4. Material type - interactive articles and editorial/opinion pieces tend to be more popular
5. Number of keywords - keywords can be understood as a proxy for number of topics. Too many topics (or too little) could make an article uninteresting for many commentators.
6. Hour - articles tend to do better at different times of the day.
7. Subsection - same as section / newsdesk.
8. Headline length - short headlines seem to do better than long headlines in general.
9. Combined headline & abstract length - ibid.
10. Sentiment - headline & abstracts with negative sentiment tend to draw more comments.

Recommendations

For articles that our model predicts to be unpopular, the following can be done, based on our above analysis:

• Re-write ‘neutral’ headlines & abstracts
• Shorten length of headlines & abstracts and include a question mark
• Change publication time to between 10pm and 3am
• Make sure the story is tied to the current socio-political context and use the right keywords
• Use a recommendation system to drive traffic to from popular articles to unpopular articles

This model can also be used in tandem with the moderation team's current tools to improve overall moderation efficiency.

Limitations

Of course, just because an article has a low number of comments doesn't necessarily mean it's a low-performing article.
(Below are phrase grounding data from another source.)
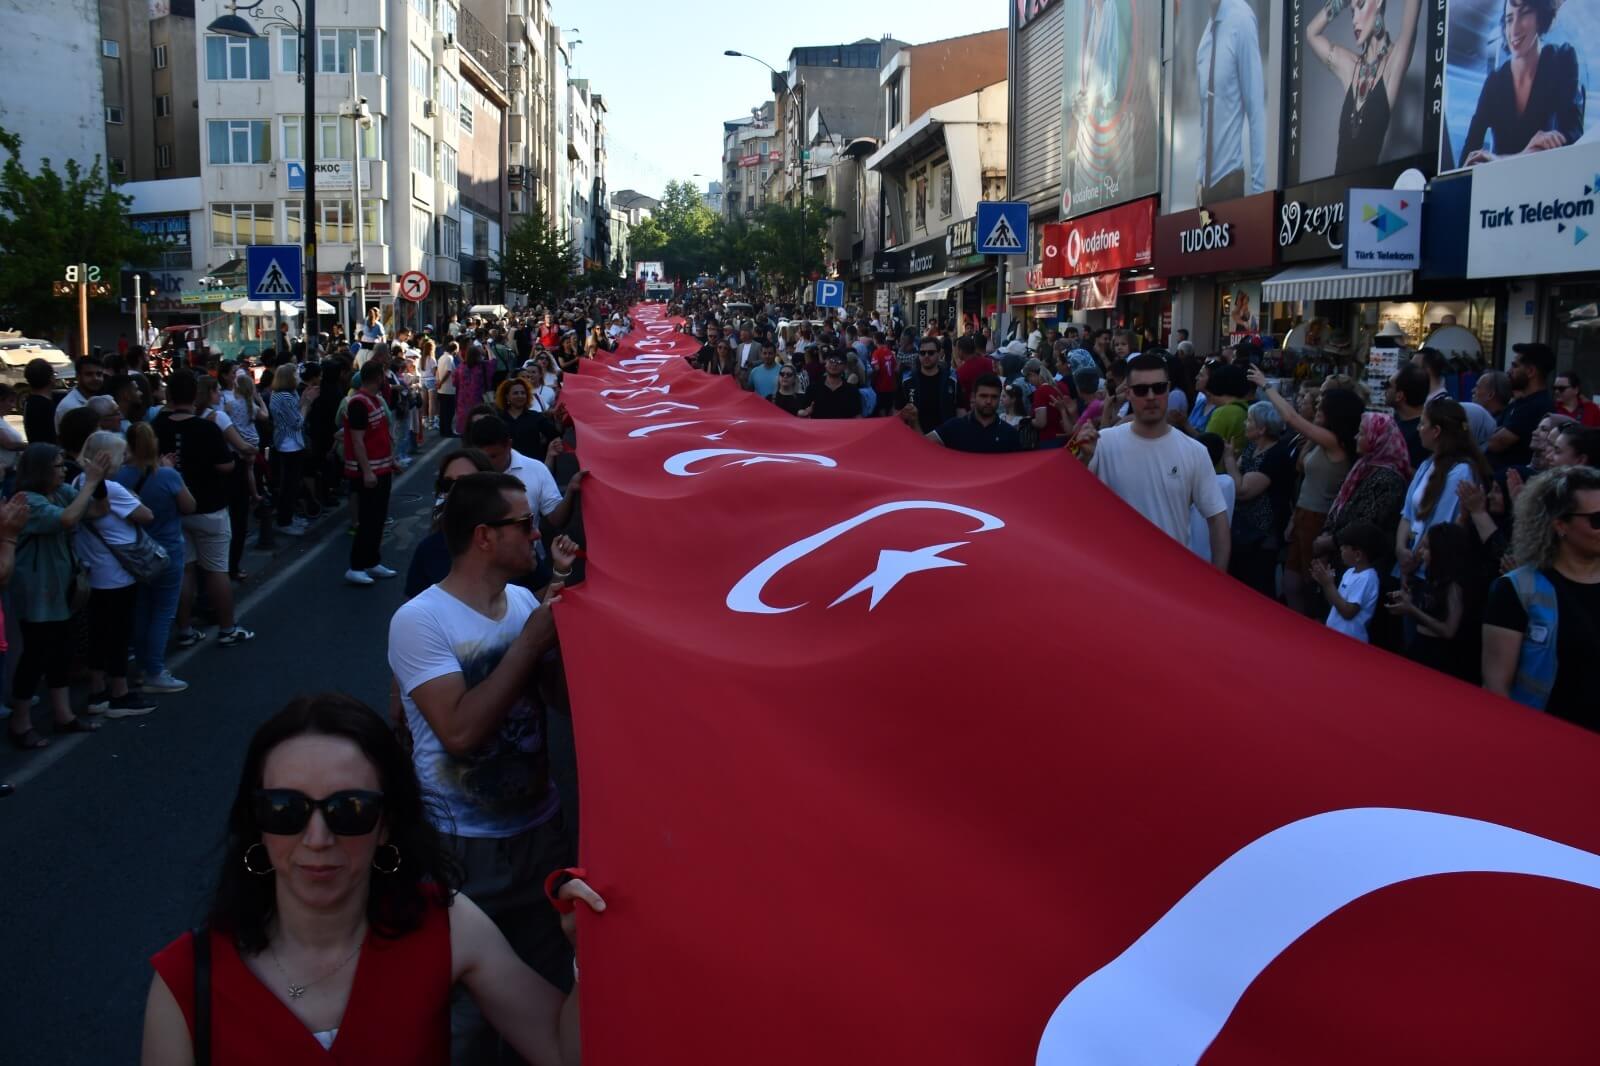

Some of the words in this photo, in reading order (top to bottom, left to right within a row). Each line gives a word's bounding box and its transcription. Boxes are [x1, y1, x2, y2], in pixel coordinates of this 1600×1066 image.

[1432, 0, 1445, 114] ESUAR
[1291, 91, 1299, 156] TAKI
[314, 164, 341, 175] RKOÇ
[1072, 185, 1099, 204] vodafone
[1104, 175, 1120, 198] Red
[1304, 201, 1344, 249] zeyn
[1480, 206, 1514, 229] Türk
[1519, 198, 1594, 224] Telekom
[1081, 227, 1120, 255] vodafone
[1180, 222, 1230, 254] TUDORS
[1355, 250, 1375, 260] Türk
[1377, 250, 1415, 261] Telekom
[822, 283, 838, 305] P
The article might not appeal to regular commentators, and might do better on social media.

The NYT has to also uphold a degree of journalistic integrity -- even though using a click-bait headline might get them more comments, it’s in their own interest to remain an impartial and trusted source of news.
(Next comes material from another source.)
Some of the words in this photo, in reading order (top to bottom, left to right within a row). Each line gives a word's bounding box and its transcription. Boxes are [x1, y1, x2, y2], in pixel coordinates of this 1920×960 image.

Additionally, this model is heavily affected by an article's news desk / section / subsection. More work should be done to ensure that an article's popularity isn't over or under predicted. Other predictors that could be looked into include topic 'freshness', where topics that are new tend to do much better than old topics (unless it's about Donald Trump which is basically an evergreen topic at this point).

Final Thoughts

The media industry is changing pretty rapidly -- it isn't enough to put out regular news reports anymore. People are used to getting their news from social media, be it Facebook, Twitter, Instagram or Reddit. That means that they're used to being part of an online community, where anyone can share their views, and publicly agree/disagree with each other. In short, people are increasingly going to be drawn to a news platform that allow them to be part of a community.

There's also been a turn towards reader engagement in the form of interactive articles. Many millennials / Gen Z youth have obtained a pretty high standard of digital literacy. They appreciate graphs and data that personally speaks to them, versus a static page that doesn't allow for any interaction.

As digital advertising changes in the wake of digital privacy laws and changing consumer habits, newspapers and the media industry in general must drastically overhaul their business to stay profitable. This also extends to the field of public relations, which needs to adopt new tools and methodologies to be able to tell stories that people actually want to hear. This project represents an attempt at media analytics which can help both news content providers and third party news providers (e.g. public relations firms).